Transient hyperoxia does not affect regional cerebral tissue oxygen saturation in moderately preterm or term newborns.

Abstract

Even short periods of hyperoxia may induce prolonged cerebral vasoconstriction in newborn infants, and this could theoretically lead to cerebral ischaemia even once normoxia is re-established. This study aimed to investigate the effect of brief hyperoxic exposures on regional cerebral tissue oxygen saturation (rStO2 ) and to evaluate whether any observed prolonged cerebral vasoconstriction was related to maturity. The study included 30 infants with a postmenstrual age of more than 32 weeks, who were treated with nasal continuous positive airway pressure and a fraction of inspired oxygen of ≤0.3. The INVOS 5100C oximeter was used to measure rStO2 before, during and after two hyperoxic exposures.
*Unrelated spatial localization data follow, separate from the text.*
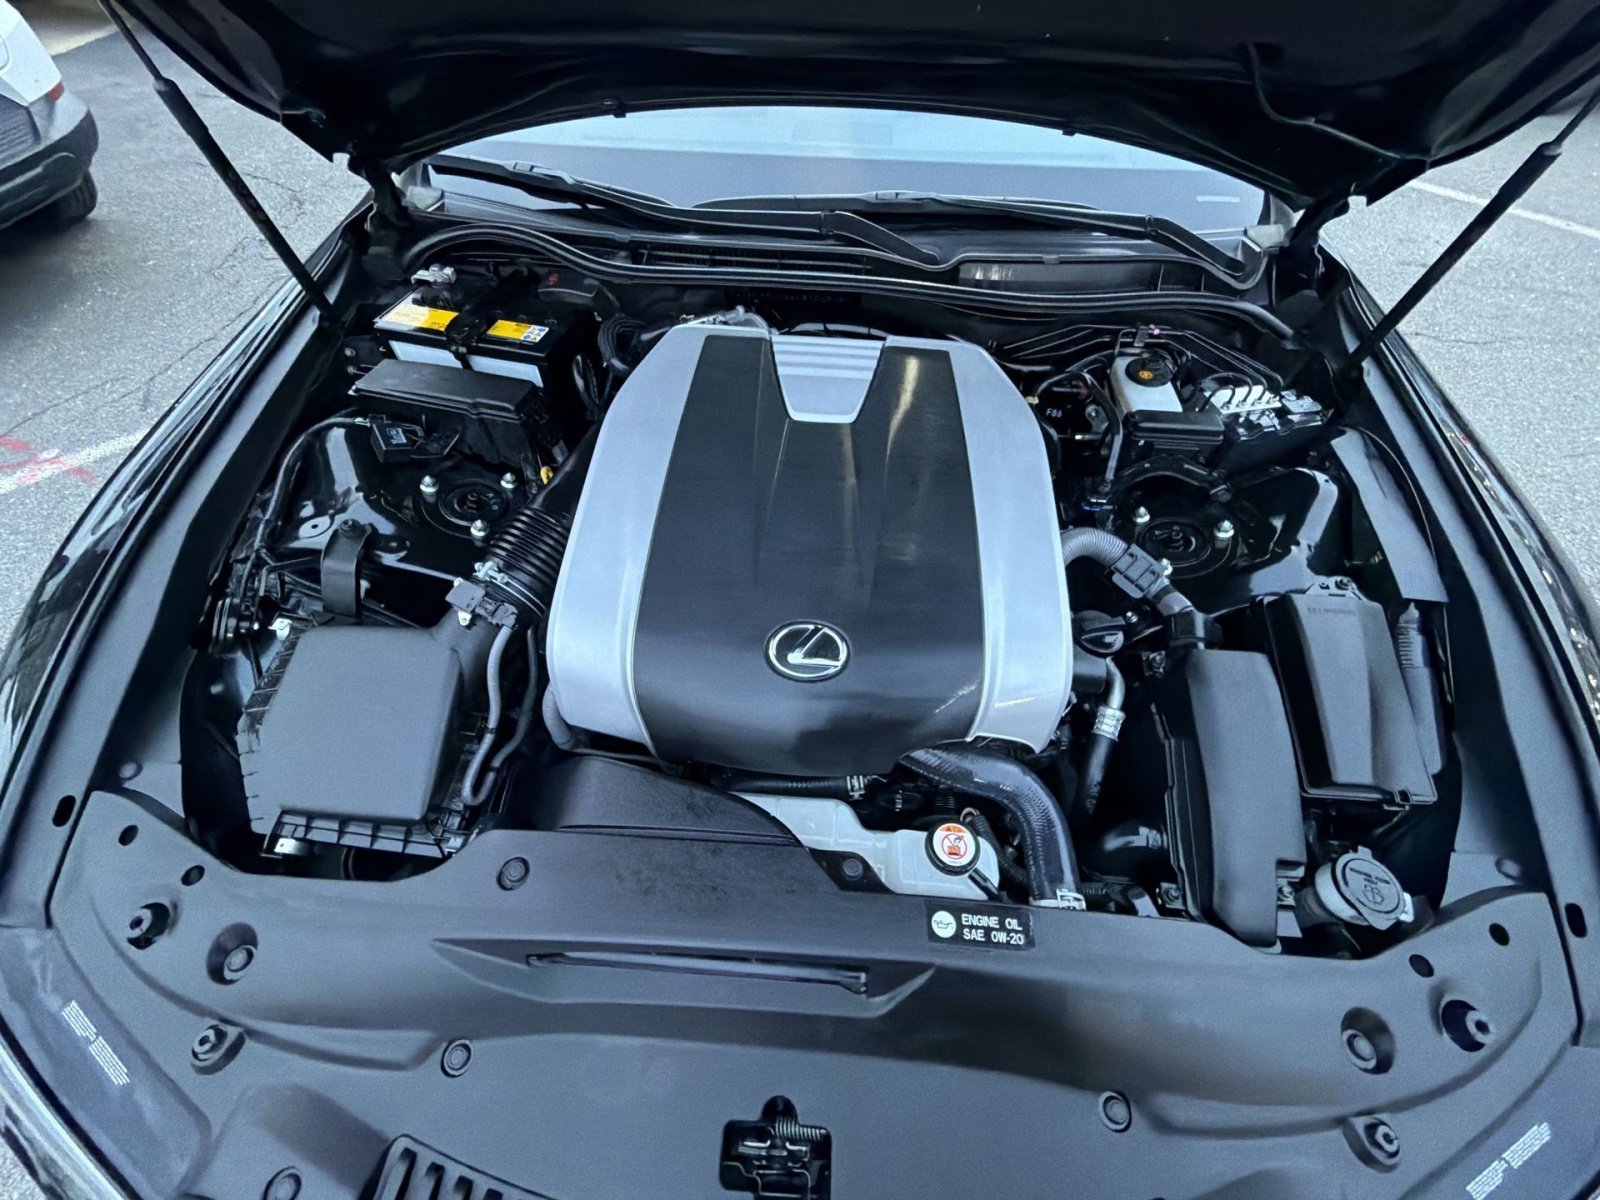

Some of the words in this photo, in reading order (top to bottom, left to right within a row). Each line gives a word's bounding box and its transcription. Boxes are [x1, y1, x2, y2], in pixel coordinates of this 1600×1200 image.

[961, 913, 1000, 929] ENGINE
[1005, 917, 1023, 931] OIL
[963, 928, 986, 942] SAE
[990, 930, 1025, 945] 0W-20
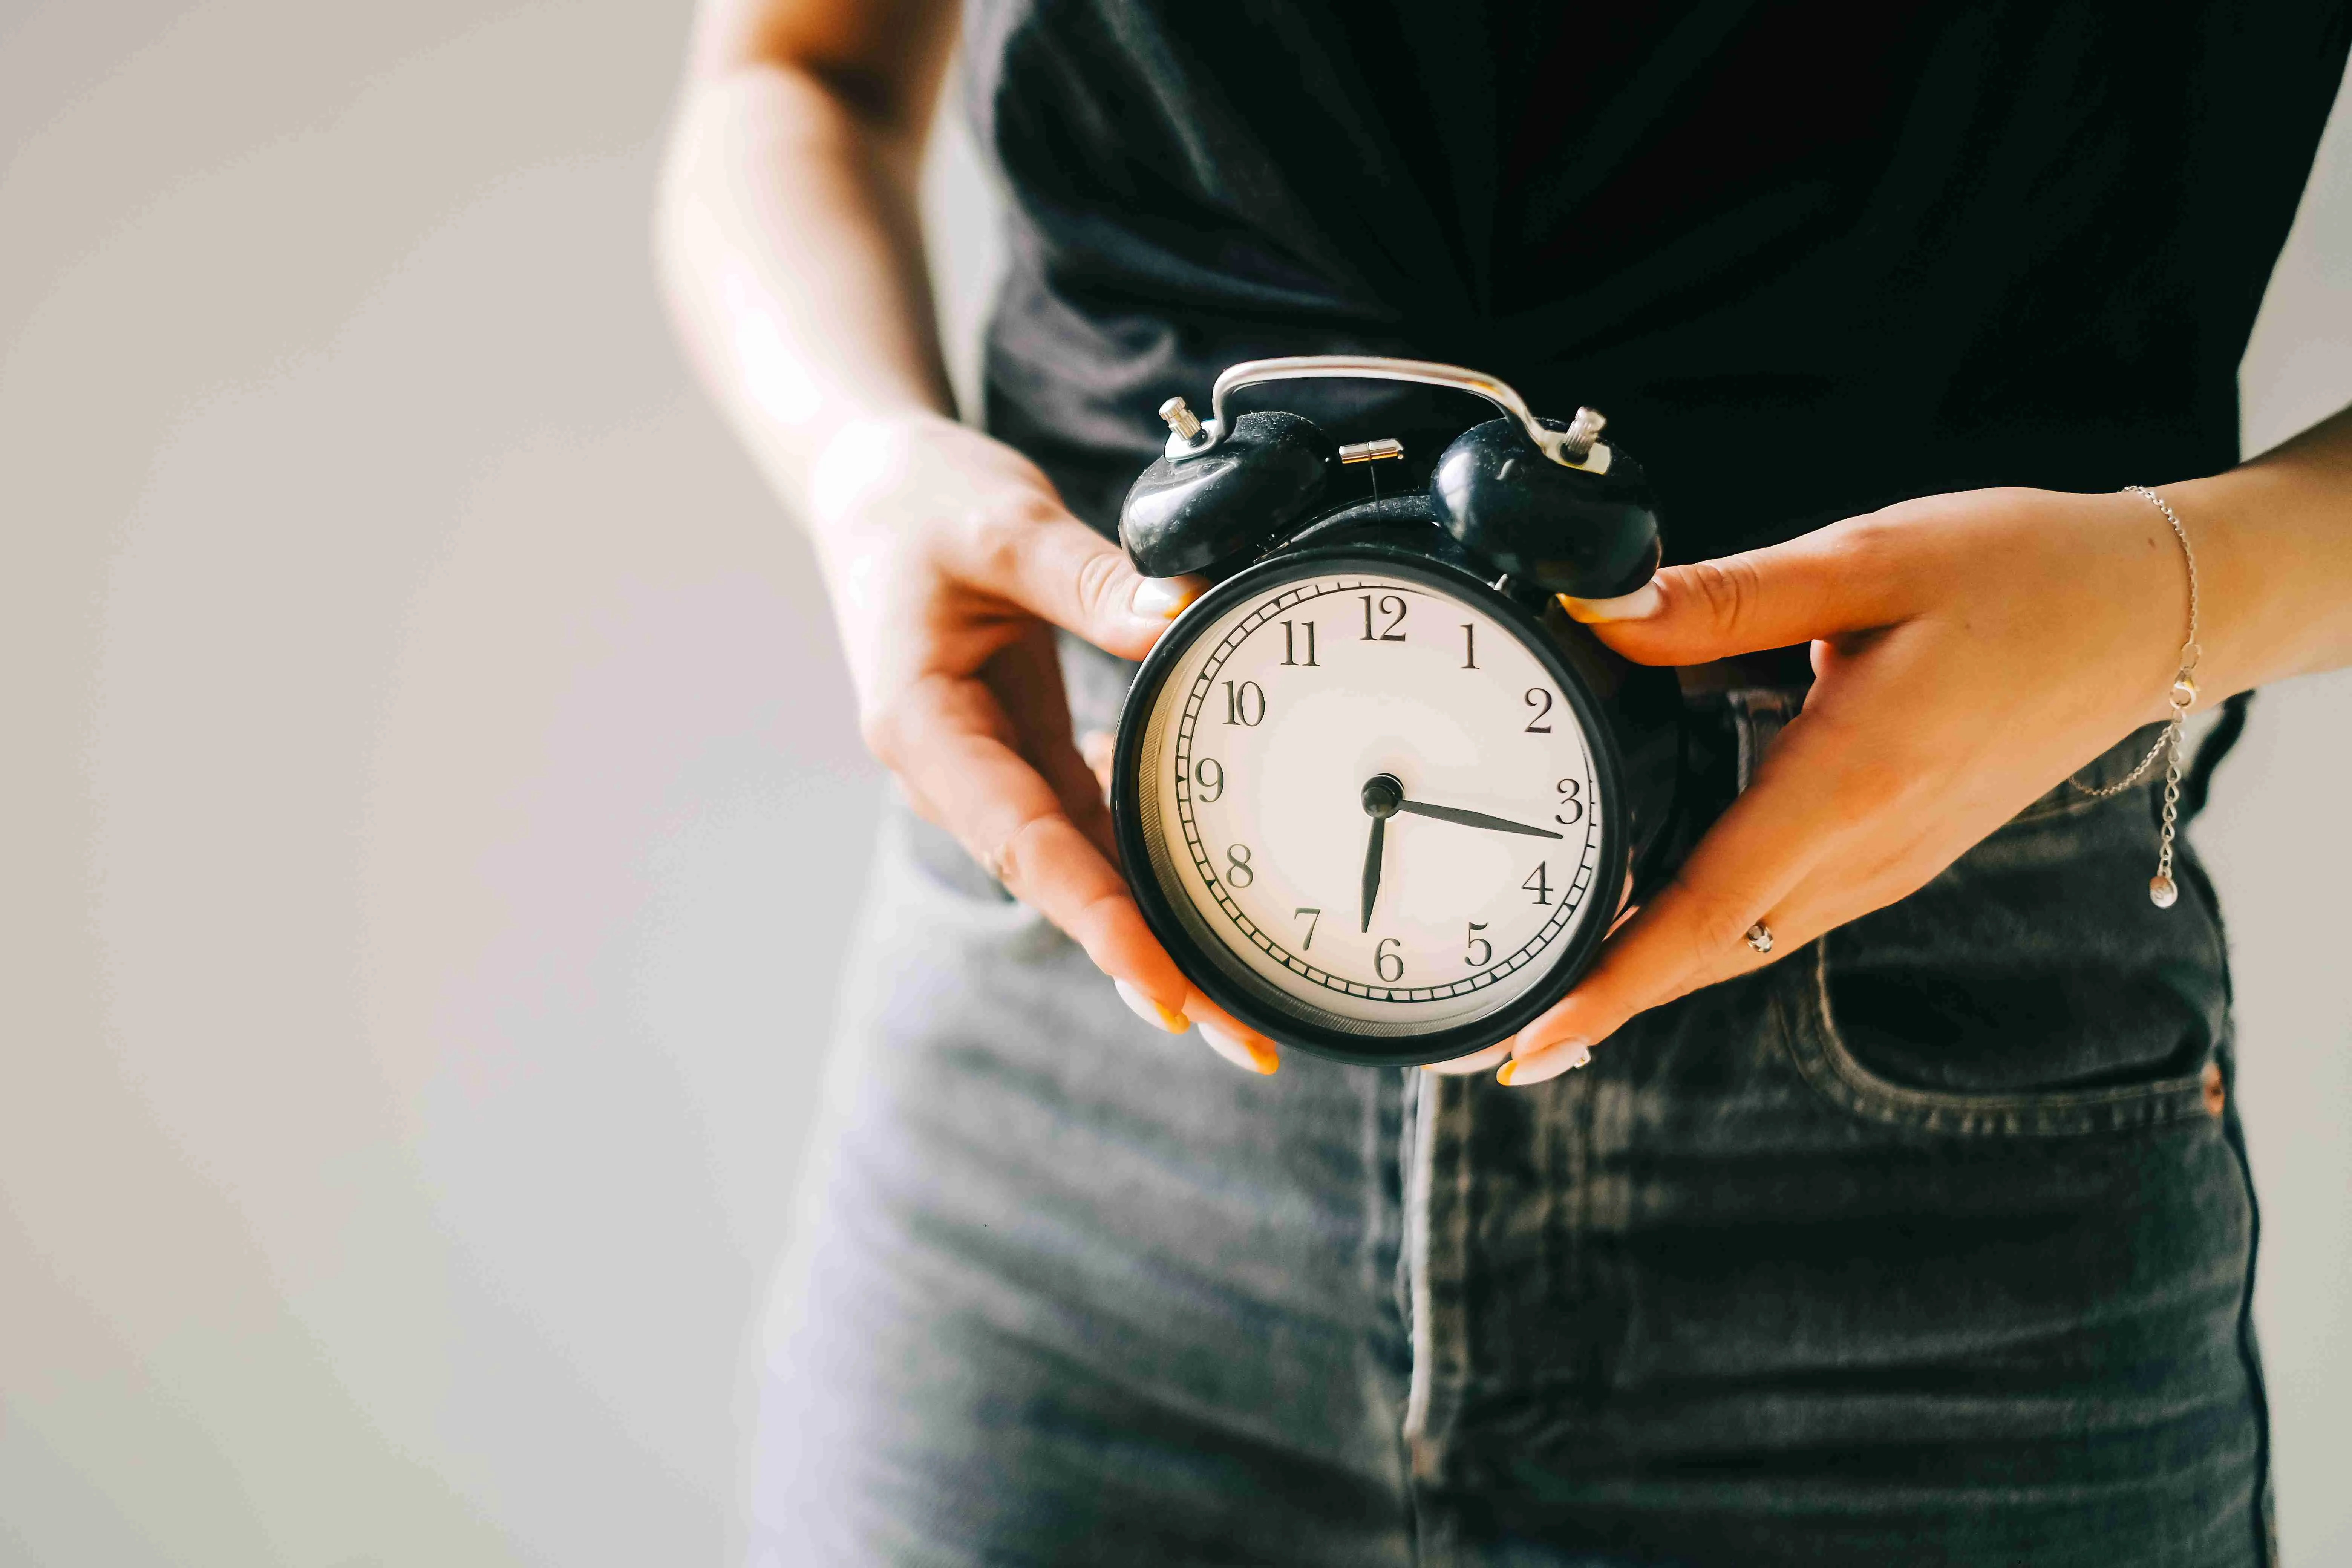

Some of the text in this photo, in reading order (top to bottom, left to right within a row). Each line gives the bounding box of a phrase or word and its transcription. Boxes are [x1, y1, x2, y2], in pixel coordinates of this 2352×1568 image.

[1358, 594, 1407, 642] 12
[1279, 620, 1321, 667] 11
[1460, 623, 1480, 670] 1
[1221, 680, 1266, 727] 10
[1525, 687, 1553, 734] 2
[1196, 758, 1224, 803] 9
[1555, 778, 1583, 825] 3
[1227, 844, 1254, 888] 8
[1522, 860, 1554, 906] 4
[1294, 908, 1321, 951] 7
[1465, 922, 1492, 967] 5
[1375, 938, 1404, 983] 6
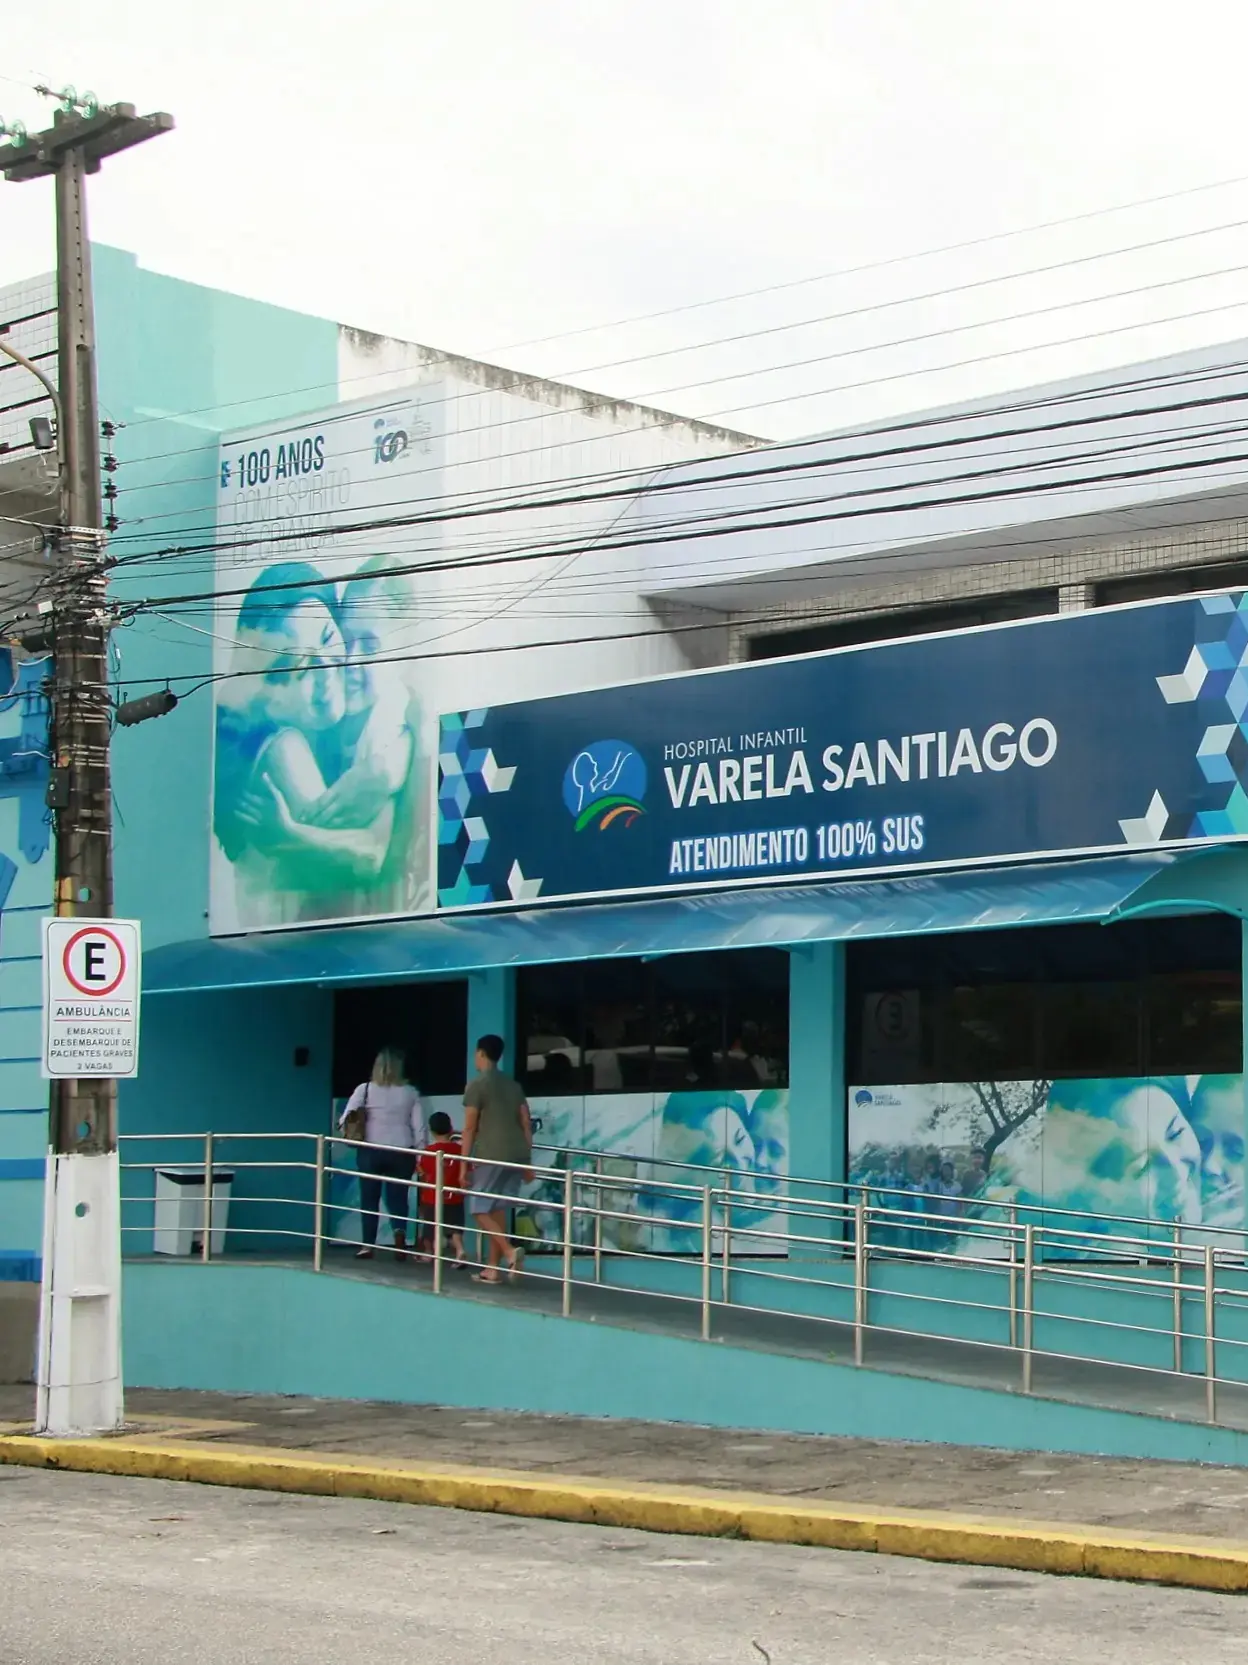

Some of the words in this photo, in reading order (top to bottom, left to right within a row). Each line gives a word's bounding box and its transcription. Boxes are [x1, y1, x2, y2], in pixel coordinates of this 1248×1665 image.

[238, 448, 270, 489] 100
[275, 435, 325, 480] ANOS
[664, 738, 734, 761] HOSPITAL
[739, 727, 808, 750] INFANTIL
[664, 751, 814, 809] VARELA
[821, 717, 1059, 792] SANTIAGO
[669, 828, 808, 874] ATENDIMENTO
[816, 820, 877, 859] 100%
[882, 815, 925, 853] SUS
[85, 942, 106, 981] E
[56, 1004, 131, 1017] AMBULÂNCIA
[53, 1038, 120, 1047] DESEMBARQUE
[122, 1038, 131, 1046] DE
[67, 1027, 116, 1036] EMBARQUE
[51, 1049, 101, 1058] PACIENTES
[103, 1049, 133, 1057] GRAVES
[84, 1062, 113, 1070] VAGAS
If hyperoxia induced a prolonged cerebral vasoconstriction, posthyperoxic rStO2 would be expected to decrease. rStO2 increased slightly after the first hyperoxic exposure, with a mean difference of 1.37% (95% CI 0.15, 2.6). After the second oxygen exposure, rStO2 remained unchanged with a mean difference of -0.4% (95% CI -1.6, 0.78). Differences in rStO2 were not related to gestational age in either of the two hyperoxic episodes. We found no evidence to support the theory that transient hyperoxia induces prolonged cerebral vasoconstriction in infants with a postmenstrual age above 32 weeks.